We booked our jungle trekking experience with Bukit Lawang – Jungle Trekking.
Run by the amazing Janine and Dodi Heryanta Peranginangin, a German-Indonesian couple.
They know how important it is to protect the orangutans and support many social projects in the area.
We were impressed how well trained and educated their team is, also they do not leave any waste in the jungle and won’t feed the orangutans.
However, in some cases, it might be necessary to lure them with banana peel if a situation gets too dangerous for any participants.
Day 1 – Rubber Plantations & our first Orangutan encounters
To increase our chances of seeing the orangutans in their natural habitat we opted for an overnight 2-day jungle trekking.
Not only will it help to see them, it also sounded adventurous and exciting (a little scary) to spend a night in the jungle. :)
Our trek started at 9 AM right after breakfast at the restaurant of Bukit Lawang – Jungle Trekking.
A great kickoff into this adventure was walking along all the rubber plantations which are an important source of income for the local farmer.
Not so funny were the mosquitos, which really like the rubber smell..
Rubber Plantations in Sumatra
We had no idea how rubber is extracted and more important how much time it takes.
To drain the rubber the farmers cut the tree’s bark so that the liquid can stream down.
At the bottom, they place a coconut shell to collect the liquid rubber.
It takes up to a week until the coconut is (only) half full.
The farmers sell their harvest on the weekly market, where all the rubber is collected in big chunks and sold per kilograms.

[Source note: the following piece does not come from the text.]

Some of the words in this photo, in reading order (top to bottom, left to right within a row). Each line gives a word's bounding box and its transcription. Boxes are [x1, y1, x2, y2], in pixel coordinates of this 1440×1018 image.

Unfortunately, we can’t remember the price but it wasn’t much more than a couple of US$ per kilo.
That’s how little the farmers earn for one week of work.

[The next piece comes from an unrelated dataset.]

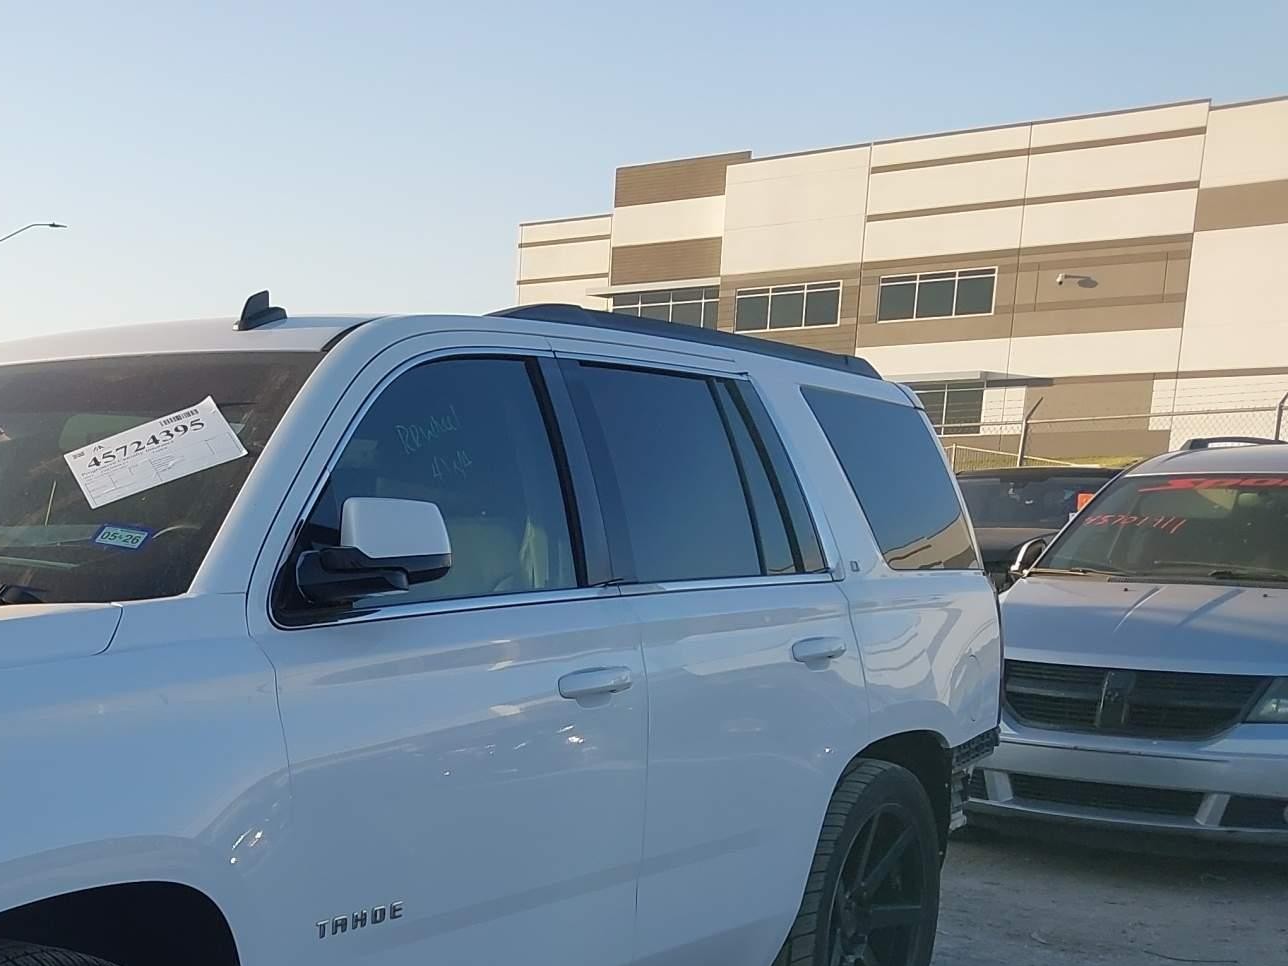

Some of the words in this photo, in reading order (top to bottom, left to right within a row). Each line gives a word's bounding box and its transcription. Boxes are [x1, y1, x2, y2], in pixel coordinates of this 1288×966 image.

[87, 418, 205, 468] 45724395
[101, 531, 120, 541] 05
[122, 534, 142, 545] 26
[316, 900, 404, 939] TAHOE

Entering Gunung Leuser National Park
After a further 10-20 minutes walk, we reached the entrance of the Gunung Leuser National Park.
Our 2 well-trained guides briefed us about the most important facts before entering the Gunung Leuser National Park.
Like, for example, that it’s not warm rain coming down from the trees but rather monkey pee. Ugh! :D
The Park is home to many animals besides orangutans like elephants, rhinos, tigers, leopards and different monkey species.
The most famous monkeys are the Thomas’ Leaf monkey, macaques or the Siamang (a gibbon species).
Our first Orangutan encounter
It took us another 30 minutes after entering the National Park until we had our first encounter with orangutans.
To be precise with the famous Mina.
You can identify her by the big scar on her forehead, which she sadly owes to a human.
This encounter is the reason why she doesn’t trust humans – who can blame her.
The guides have to be especially cautious with Mina so we kept our distance.
Besides her, we suddenly saw a small orange bundle – her baby.
Mina was lying on the floor eating while constantly watching her little one, which was playing cheerfully in the trees.
Not even the crossing macaques could disturb this perfect family idyll.
After another group of tourists arrived Mina suddenly got uncomfortable.
We were about 10-15 people watching her and she still distrusts humans.
So we continued our jungle trekking tour deeper into the park until we came across another group of day trekkers.
They pointed into the trees where we could see movement.
Another orangutan, and another, and another.
2 fully grown females and their young ones.
The younger orangutans were again enjoying themselves jumping from branch to branch more than 3 meters above the ground.
After the first few hours, we’d already seen 6 orangutans!
After another walk up and down the mountainous landscape of the Gunung Leuser National Park, we made a short break.
Our guides Jimmy and Sardi prepared the delicious fruits they carried with them.
The trek itself was not easy even though we were only carrying the most important things like another pair of clothes, sunscreen, mosquito repellant, toothbrush and water.
It’s incredible how much weight our two guides were carrying including all the food for us!
That said we also enjoyed one of the best Nasi Goreng we ever had in the middle of the Gunung Leuser National Park.
Next to a bunch of ants which luckily helped clean the forest floor by carrying away the rice we dropped while eating out of our banana leaves.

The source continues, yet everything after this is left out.